No waste bij Restaurant Dertien

2 minuten
Bij Restaurant Dertien in Rotterdam staat duurzamheid boven alles. Chefs en eigenaars Pepijn Schmeink en Remco van Erp maken de meest bijzondere creaties van alles wat op de snijplank blijft liggen.
Naam: Pepijn Schmeink en Remco van Erp
Zaak:
Restaurant Dertien
Waar:
Rotterdam


Dertien Rotterdam

Kiezen jullie in het kader van duurzaamheid bewust voor minder vlees en meer groente?

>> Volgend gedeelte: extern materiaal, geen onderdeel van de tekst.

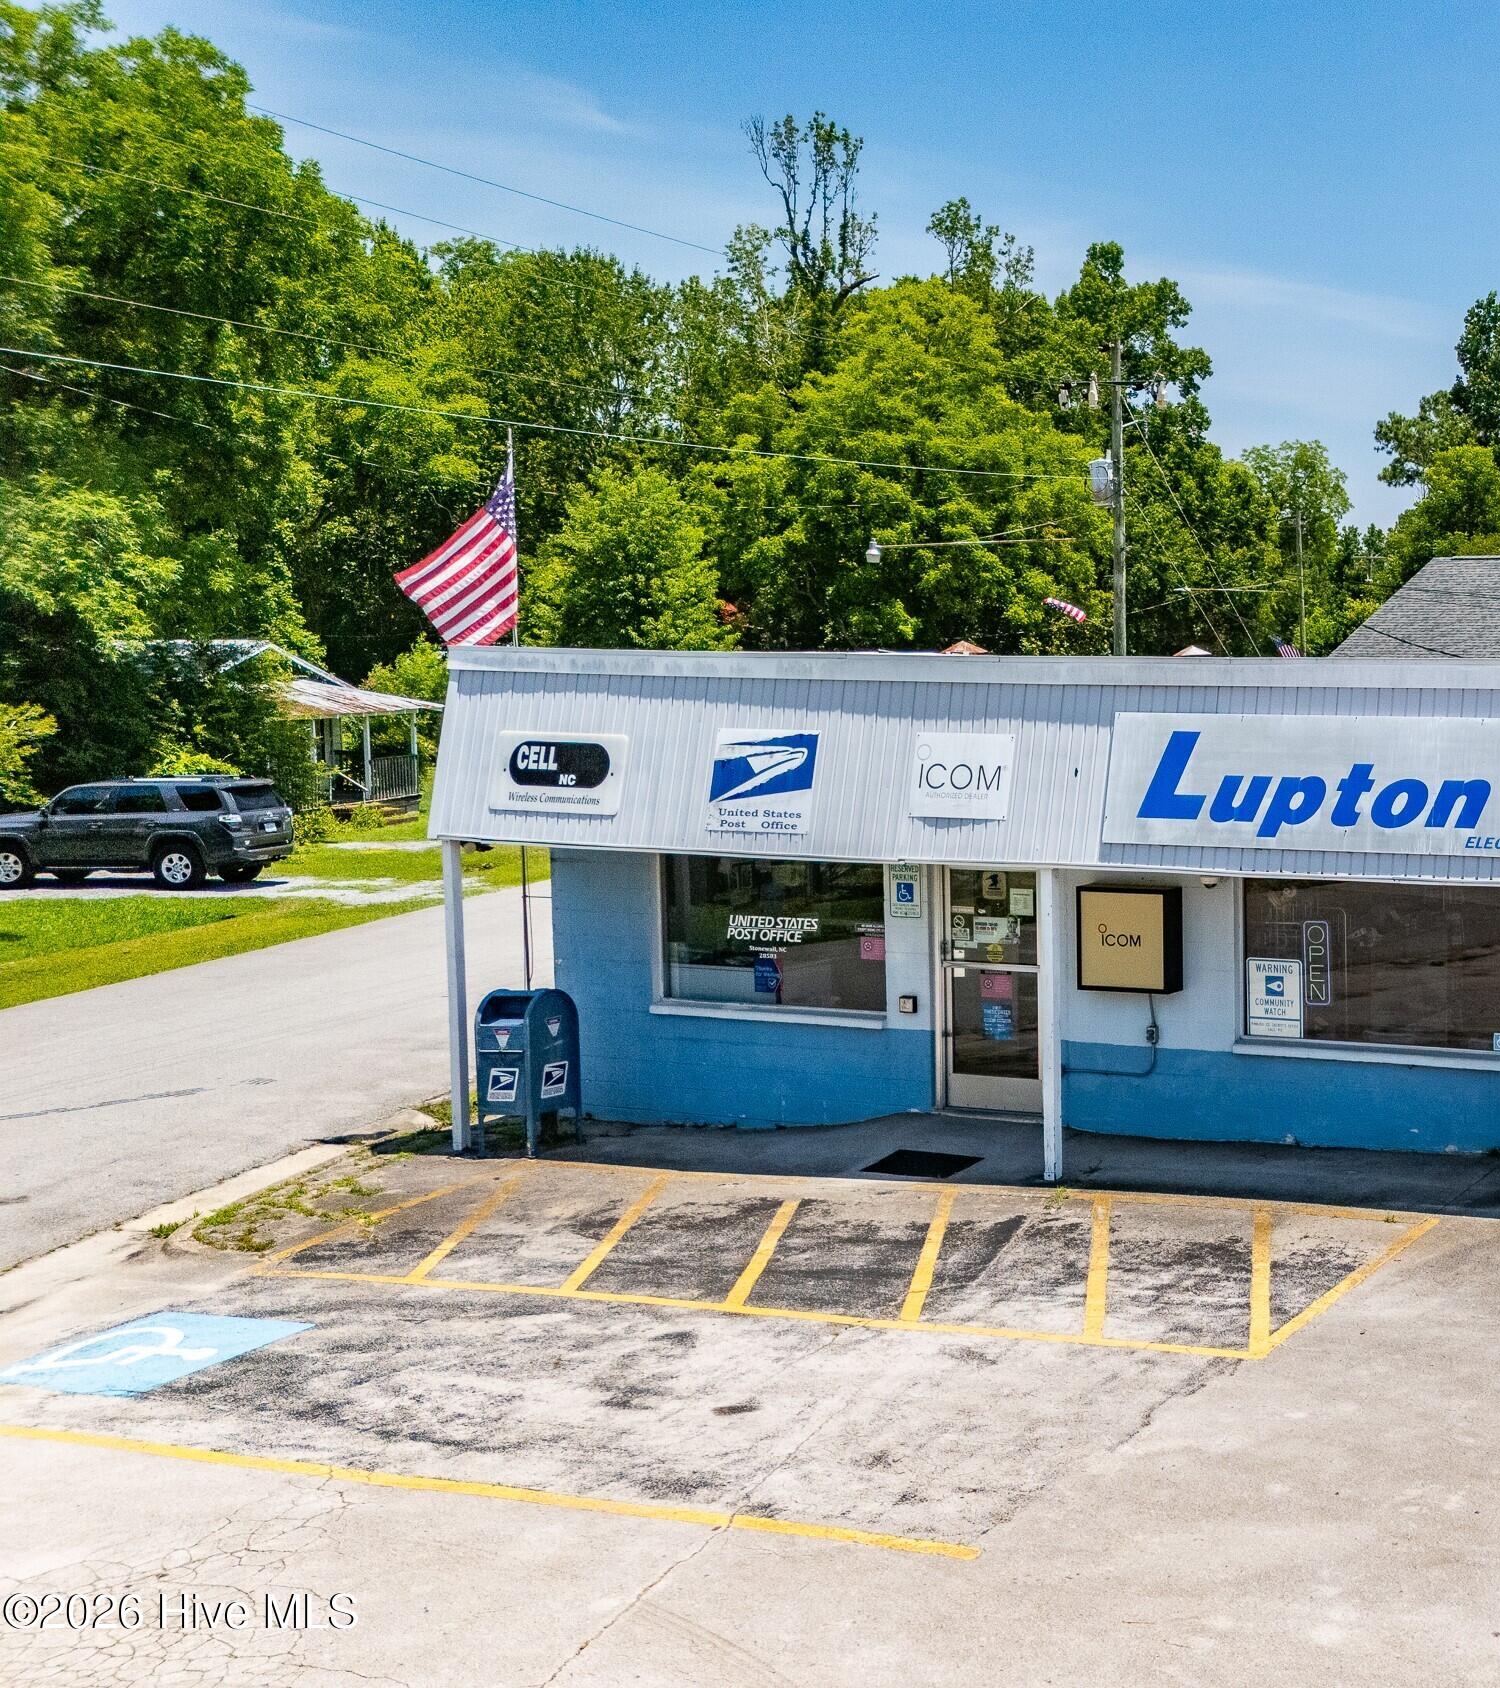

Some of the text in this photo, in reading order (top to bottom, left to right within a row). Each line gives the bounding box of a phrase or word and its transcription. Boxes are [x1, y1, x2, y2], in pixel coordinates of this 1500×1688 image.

Remco: 'We zullen nooit een vegetarisch of veganistisch restaurant worden, maar onze basis ligt bij groente. Vlees gebruiken we wel, maar niet in overvloed. Vis idem dito. In hoofdgerechten proberen we groenten uit te buiten tot volwaardige koolhydraten. Onze gerechten bestaan gemiddeld voor zeventig tot vijfenzeventig procent uit groente.'

Pepijn: 'Een klein stukje gerijpt buikspek is bijvoorbeeld mooi bij geroosterde pastinaak met een beetje aspergepoeder. Het gaat dan om slechts vijf procent vlees, maar zo intens van smaak dat het genoeg is voor de groenten waarbij je het serveert.'

Hoe begin je met no waste in de keuken?


Remco: 'Bij alles wat je weggooit, moet je je afvragen of dat niet anders kan. Misschien kun je er nog wat moois mee doen. Neem bijvoorbeeld tuinbonen. Normaal gesproken blijft er een enorme stapel doppen over die in de vuilnisbak belandt. Wij versappen de doppen en laten het sap fermenteren. Een jaar laten rijpen in een weckfles en je hebt een prachtige azijn.'


Zorgt het bestrijden van waste uiteindelijk voor een betere marge?


Pepijn: 'We halen zoveel mogelijk uit onze groenten. Dat betekent dat we geen azijn en weinig kruiden inkopen. Ons poeder van gefermenteerde bieten kost ons bijvoorbeeld niets, maar is culinair net zo interessant als het dure sumac.'

Remco: 'Die ambachtelijkheid van het alles zelf willen maken, moet je natuurlijk wel liggen. Wij zijn ermee opgegroeid en stoppen er veel tijd in, maar niet meer geld. Zakelijk gezien zijn we dus aan het besparen.'

Nog meer smaakvolle voorbeelden waarmee je afval tegengaat?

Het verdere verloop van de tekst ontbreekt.